### The problem:
Please reproduce all entries word for word, leaving every image behind.
(Data section Opens)
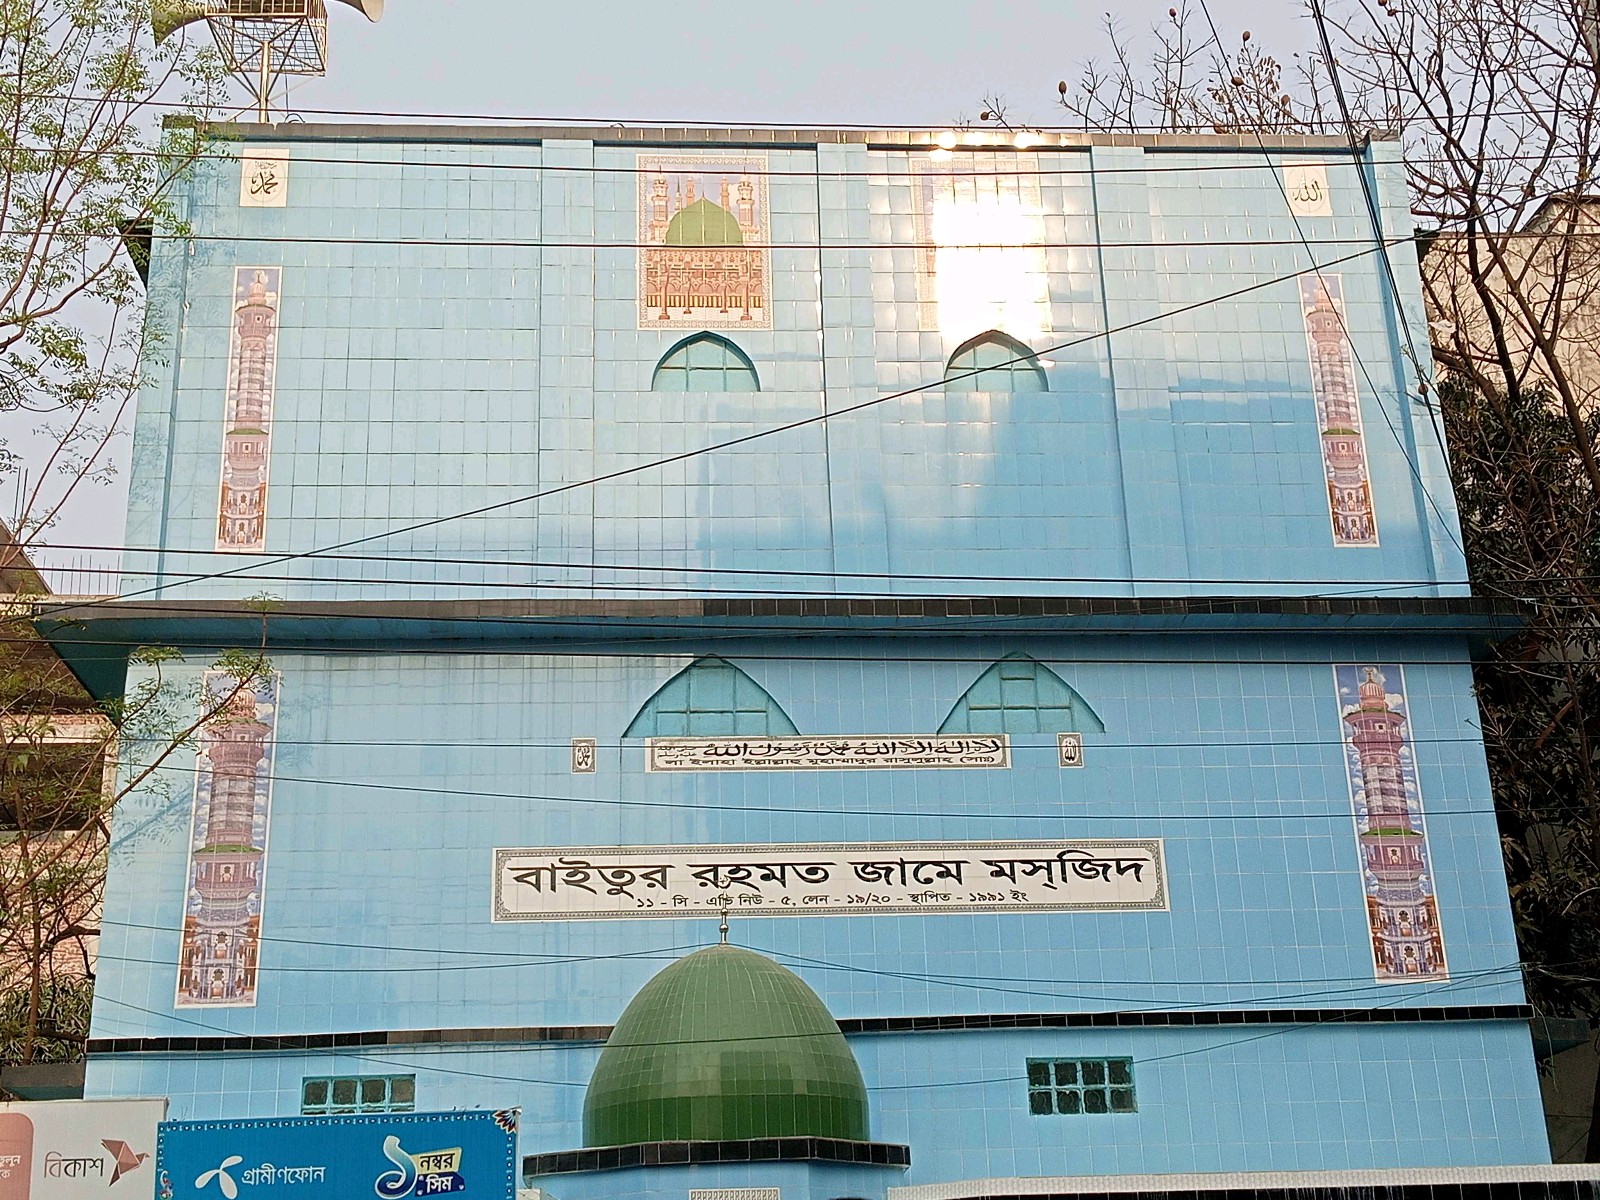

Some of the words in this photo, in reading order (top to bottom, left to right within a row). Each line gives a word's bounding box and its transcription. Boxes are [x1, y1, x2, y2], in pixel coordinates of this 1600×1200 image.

[507, 857, 676, 900] বাইতুর
[686, 861, 837, 893] রহমত
[847, 857, 971, 887] জামে
[636, 897, 654, 908] ১১
[672, 894, 688, 907] সি
[802, 894, 829, 906] লেন
[847, 892, 891, 906] ১৯/২০
[908, 890, 952, 905] স্থাপিত
[969, 892, 1005, 903] ১৯৯১
[1009, 889, 1029, 902] ইং
[44, 1151, 104, 1178] বিকাশ
[420, 1152, 455, 1171] নম্বর
[241, 1163, 326, 1186] গ্রামীণফোন
[426, 1174, 453, 1193] সিম
(Data section Closes)
### Result for this task:
Some of the words in this photo, in reading order (top to bottom, left to right within a row). Each line gives a word's bounding box and its transcription. Boxes are [x1, y1, x2, y2], in pixel coordinates of this 1600×1200 image.

[507, 857, 676, 900] বাইতুর
[686, 861, 837, 893] রহমত
[847, 857, 971, 887] জামে
[636, 897, 654, 908] ১১
[672, 894, 688, 907] সি
[802, 894, 829, 906] লেন
[847, 892, 891, 906] ১৯/২০
[908, 890, 952, 905] স্থাপিত
[969, 892, 1005, 903] ১৯৯১
[1009, 889, 1029, 902] ইং
[44, 1151, 104, 1178] বিকাশ
[420, 1152, 455, 1171] নম্বর
[241, 1163, 326, 1186] গ্রামীণফোন
[426, 1174, 453, 1193] সিম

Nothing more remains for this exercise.